> **Assigned task**
From top to bottom, write out the listing exactly.

= Beginning of Section =

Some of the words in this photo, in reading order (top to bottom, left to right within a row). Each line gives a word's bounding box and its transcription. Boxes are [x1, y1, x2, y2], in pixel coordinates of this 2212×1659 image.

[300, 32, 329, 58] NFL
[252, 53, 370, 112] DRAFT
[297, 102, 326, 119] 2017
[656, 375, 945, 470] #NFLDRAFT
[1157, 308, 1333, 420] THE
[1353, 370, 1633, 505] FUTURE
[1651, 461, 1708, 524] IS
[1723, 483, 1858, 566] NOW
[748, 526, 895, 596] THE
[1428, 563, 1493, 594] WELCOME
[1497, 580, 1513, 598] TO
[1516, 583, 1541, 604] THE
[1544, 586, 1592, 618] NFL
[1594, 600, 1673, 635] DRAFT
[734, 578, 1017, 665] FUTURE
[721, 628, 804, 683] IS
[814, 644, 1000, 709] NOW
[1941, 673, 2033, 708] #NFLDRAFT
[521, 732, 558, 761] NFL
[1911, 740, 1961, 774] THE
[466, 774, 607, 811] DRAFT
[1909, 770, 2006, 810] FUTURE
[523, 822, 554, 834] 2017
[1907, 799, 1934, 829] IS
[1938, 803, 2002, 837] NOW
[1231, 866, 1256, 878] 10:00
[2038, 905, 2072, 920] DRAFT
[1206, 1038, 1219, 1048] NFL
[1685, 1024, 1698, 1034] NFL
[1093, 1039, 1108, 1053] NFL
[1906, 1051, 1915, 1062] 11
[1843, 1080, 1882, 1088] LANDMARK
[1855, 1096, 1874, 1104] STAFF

= End of Section =

> **Task output**
Some of the words in this photo, in reading order (top to bottom, left to right within a row). Each line gives a word's bounding box and its transcription. Boxes are [x1, y1, x2, y2], in pixel coordinates of this 2212×1659 image.

[300, 32, 329, 58] NFL
[252, 53, 370, 112] DRAFT
[297, 102, 326, 119] 2017
[656, 375, 945, 470] #NFLDRAFT
[1157, 308, 1333, 420] THE
[1353, 370, 1633, 505] FUTURE
[1651, 461, 1708, 524] IS
[1723, 483, 1858, 566] NOW
[748, 526, 895, 596] THE
[1428, 563, 1493, 594] WELCOME
[1497, 580, 1513, 598] TO
[1516, 583, 1541, 604] THE
[1544, 586, 1592, 618] NFL
[1594, 600, 1673, 635] DRAFT
[734, 578, 1017, 665] FUTURE
[721, 628, 804, 683] IS
[814, 644, 1000, 709] NOW
[1941, 673, 2033, 708] #NFLDRAFT
[521, 732, 558, 761] NFL
[1911, 740, 1961, 774] THE
[466, 774, 607, 811] DRAFT
[1909, 770, 2006, 810] FUTURE
[523, 822, 554, 834] 2017
[1907, 799, 1934, 829] IS
[1938, 803, 2002, 837] NOW
[1231, 866, 1256, 878] 10:00
[2038, 905, 2072, 920] DRAFT
[1206, 1038, 1219, 1048] NFL
[1685, 1024, 1698, 1034] NFL
[1093, 1039, 1108, 1053] NFL
[1906, 1051, 1915, 1062] 11
[1843, 1080, 1882, 1088] LANDMARK
[1855, 1096, 1874, 1104] STAFF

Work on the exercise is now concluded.